A Sociedade Brasileira de Pediatria (SBP) divulgou nota técnica ressaltando a necessidade de “atenção redobrada” para a detecção de poliomielite. No documento, a entidade orienta que os pediatras fiquem atentos aos possíveis casos da doença e para a importância de sua adequada investigação.

No Brasil, a vacina da poliomielite faz parte da rotina do Calendário Nacional de Vacinação e é ofertada para crianças aos dois, quatro e seis meses, com reforços aos 15 meses e aos 4 anos.
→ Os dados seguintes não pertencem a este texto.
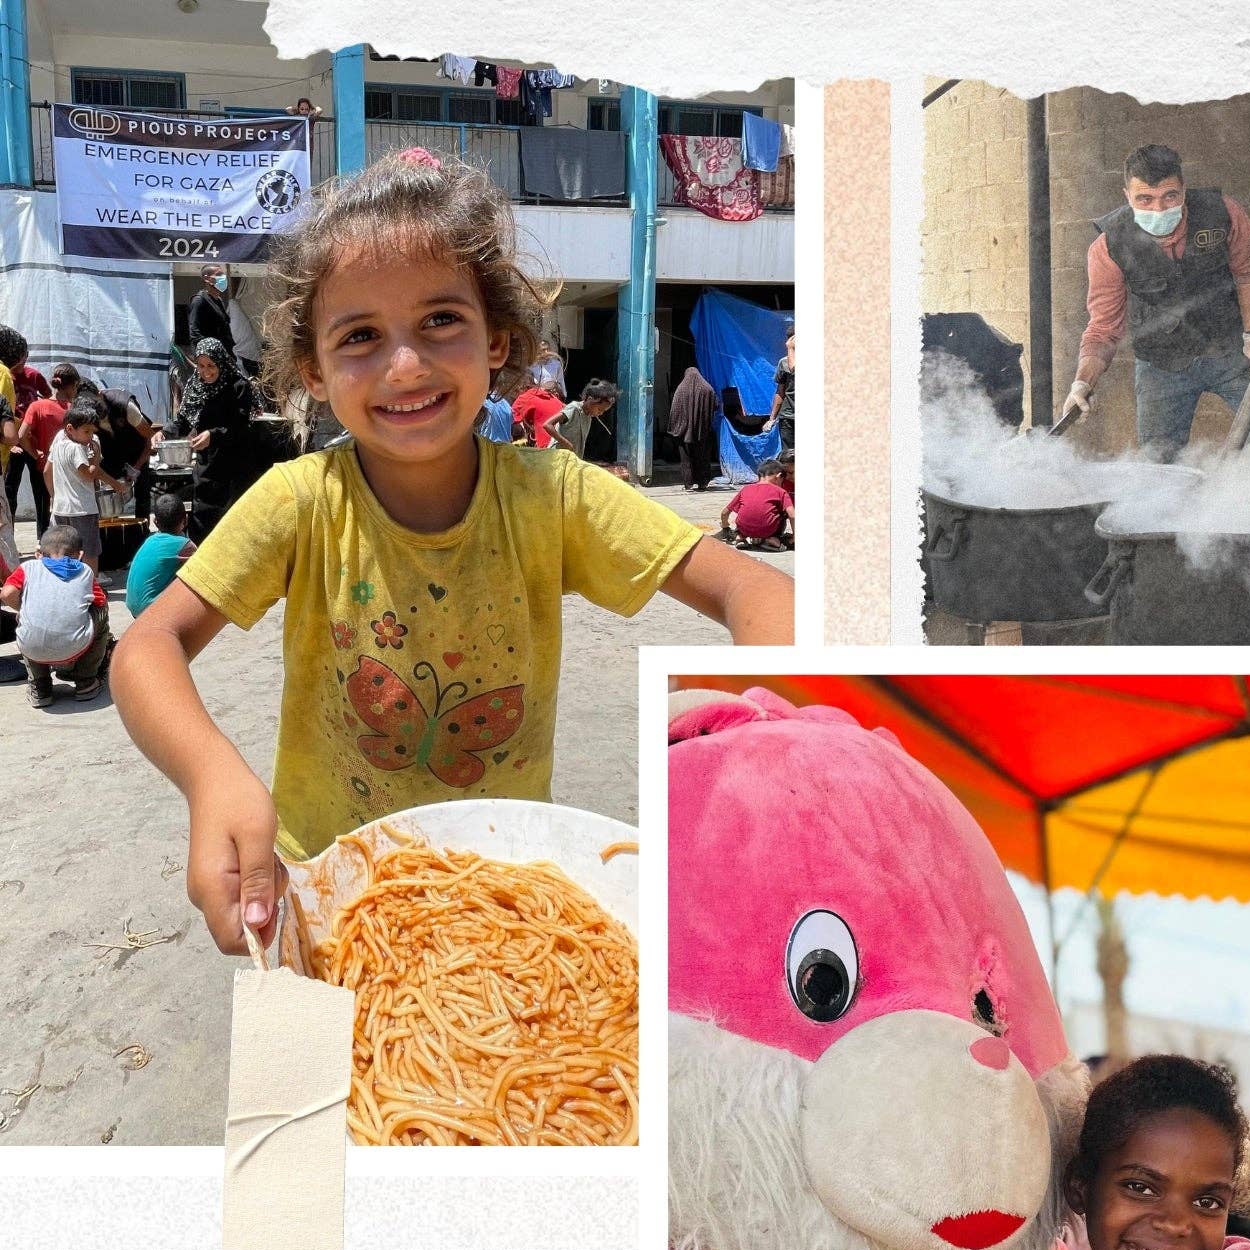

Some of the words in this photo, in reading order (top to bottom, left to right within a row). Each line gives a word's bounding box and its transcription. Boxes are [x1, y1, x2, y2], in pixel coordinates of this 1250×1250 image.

[128, 120, 187, 137] PIOUS
[194, 124, 292, 141] PROJECTS
[84, 143, 211, 167] EMERGENCY
[217, 152, 281, 168] RELIEF
[134, 173, 173, 189] FOR
[180, 176, 235, 192] GAZA
[96, 208, 158, 225] WEAR
[163, 211, 203, 228] THE
[209, 214, 272, 230] PEACE
[158, 237, 220, 259] 2024
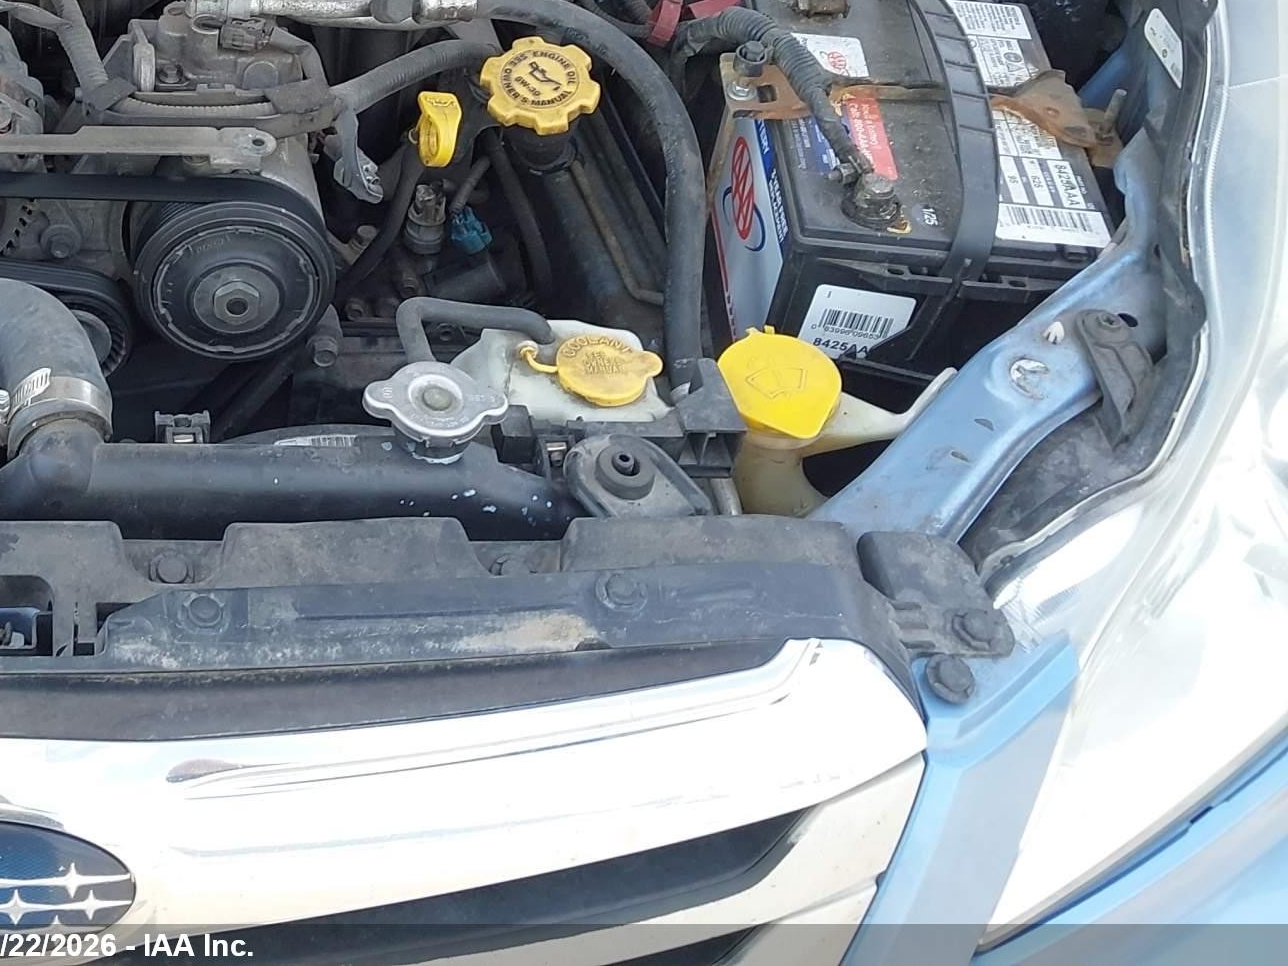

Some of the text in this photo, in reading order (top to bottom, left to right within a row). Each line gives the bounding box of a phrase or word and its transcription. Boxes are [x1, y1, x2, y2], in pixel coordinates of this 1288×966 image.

[532, 50, 577, 85] ENGINE OIL
[530, 90, 573, 106] MANUAL
[1054, 164, 1081, 206] 8425AAA
[921, 208, 939, 226] 1/25
[562, 336, 633, 357] COOLANT
[813, 337, 871, 355] 8425AA
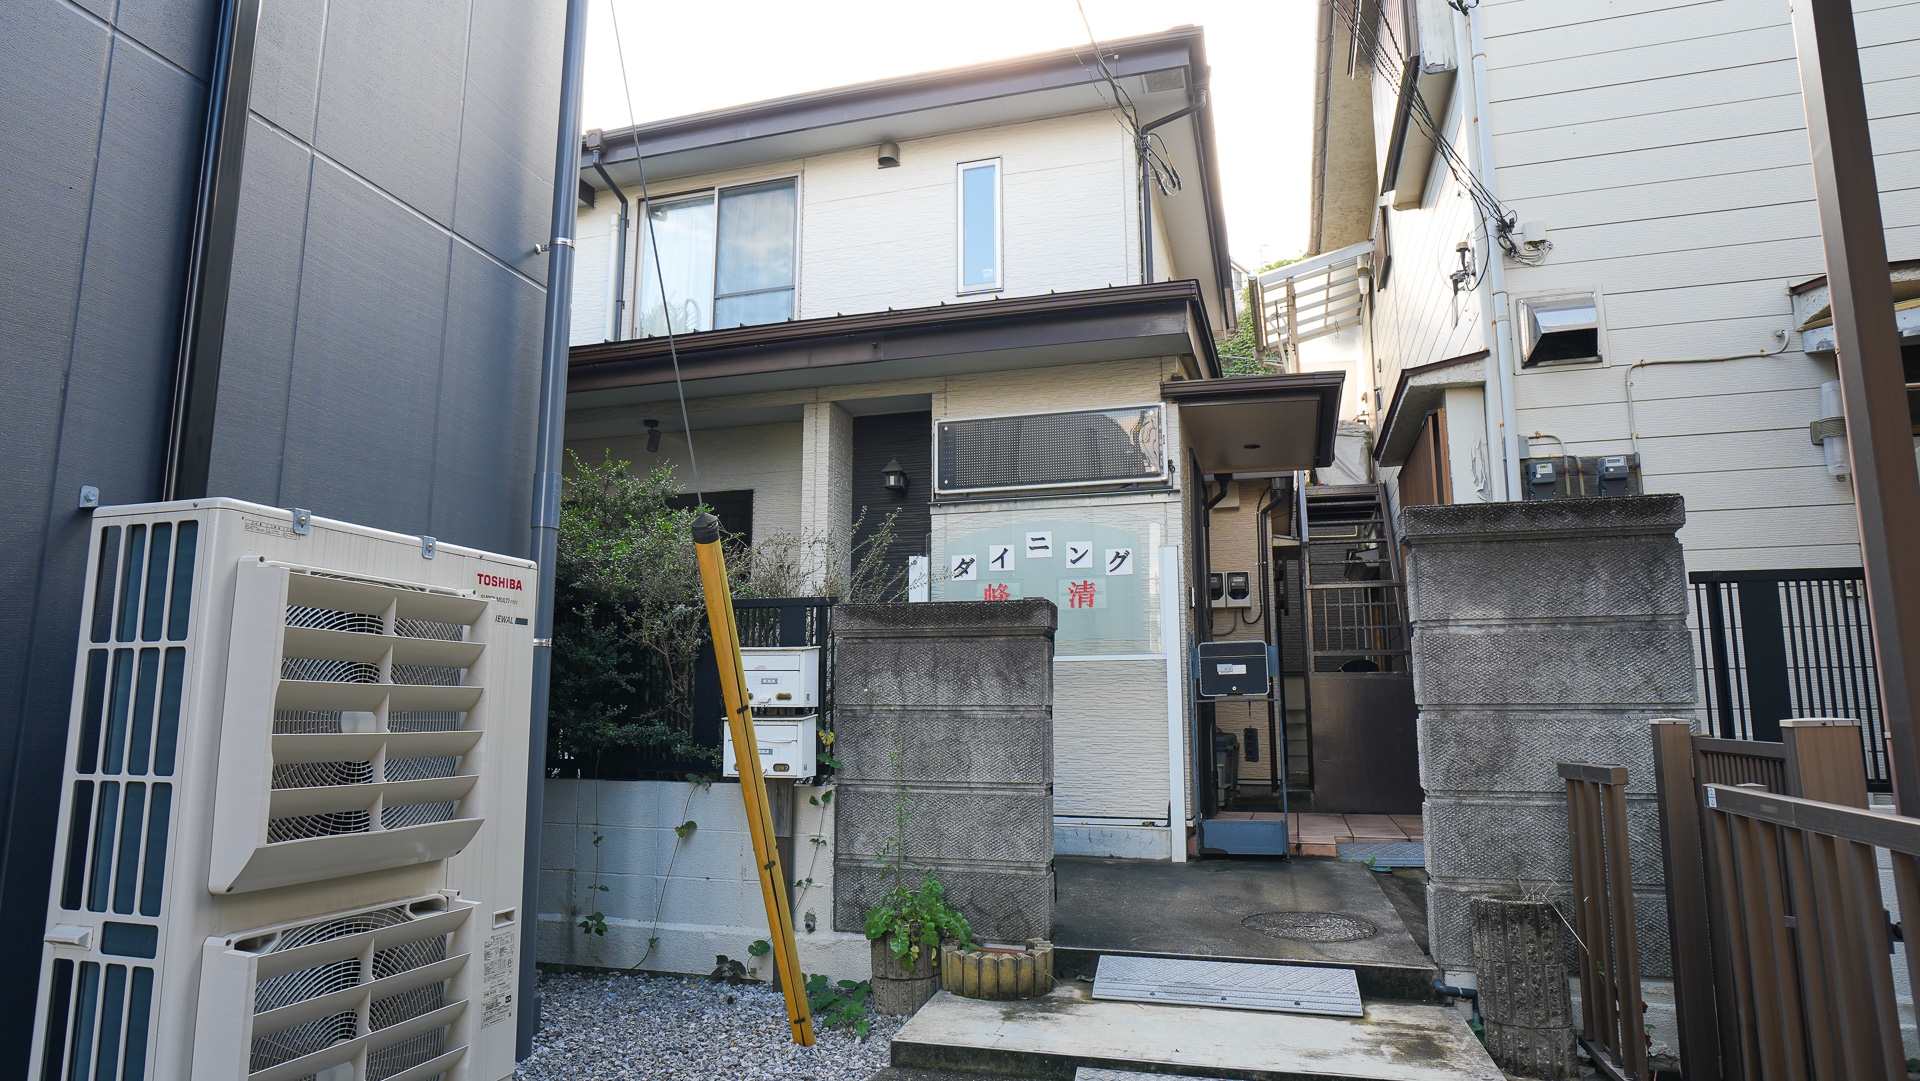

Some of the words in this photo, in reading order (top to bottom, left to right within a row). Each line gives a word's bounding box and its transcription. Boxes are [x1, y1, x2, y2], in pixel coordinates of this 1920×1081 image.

[954, 536, 1130, 578] ダイニング
[477, 573, 522, 591] TOSHIBA
Adolescentes ou adultos que não tomaram todas as doses podem iniciar a imunização imediatamente.

“Enviamos alerta para os estados e municípios sobre a importância de alcançar e manter cobertura vacinal contra poliomielite maior ou igual a 95%, além da necessidade de notificação e investigação imediata de todo caso da doença”, destaca o Ministério da Saúde, em nota.

A preocupação com a doença começou após a Organização Pan-Americana de Saúde (Opas), órgão da Organização Mundial da Saúde (OMS), emitir comunicado confirmando um caso de poliomielite numa comunidade indígena do estado venezuelano Delta Amacuro, ao leste do país. A doença não era registrada havia 29 anos. Uma criança de 2 anos e 10 meses, sem antecedentes de vacinação, adoeceu. Após esse caso, a vigilância epidemiológica encontrou outras ocorrências recentes, também em crianças, em uma comunidade vizinha, que continuam em investigação.
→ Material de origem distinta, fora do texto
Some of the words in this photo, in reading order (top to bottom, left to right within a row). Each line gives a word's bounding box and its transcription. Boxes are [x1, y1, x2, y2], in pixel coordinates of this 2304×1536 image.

A poliomielite, também conhecida como paralisia infantil, é uma doença infectocontagiosa viral aguda, caracterizada por um quadro de paralisia flácida de início súbito. A transmissão ocorre de pessoa para pessoa, pela via fecal-oral (mais frequente); por objetos, alimentos e água contaminados com fezes de doentes ou portadores; ou pela via oral-oral, por meio de gotículas de secreções (ao falar, tossir ou espirrar). Não existe tratamento específico — todas as vítimas de contágio devem ser hospitalizadas.

Nova prorrogação

A baixa procura pela vacina levou o Ministério da Saúde a prorrogar a campanha de vacinação contra a gripe. A ação, que acabaria hoje, agora vai até o dia 22, como o Correio adiantou na edição da última terça-feira. É a segunda vez neste ano que o prazo é estendido. As doses estão disponíveis, gratuitamente, em todas as unidades do Sistema Único de Saúde (SUS). Podem receber a vacina pessoas a partir de 60 anos; crianças de seis meses a 5 anos; trabalhadores de saúde; professores; povos indígenas; gestantes; puérperas (até 45 dias após o parto); pessoas privadas de liberdade; e funcionários do sistema prisional. Em todo o país, apenas 77% do público-alvo foi vacinado. O Ministério da Saúde pretende imunizar 54 milhões de pessoas. Desde o início da campanha, em 23 de abril, 42,6 milhões de pessoas foram vacinadas. No DF, 16,5% do público-alvo ainda não se imunizou. No total, 706 mil pessoas devem ser vacinadas.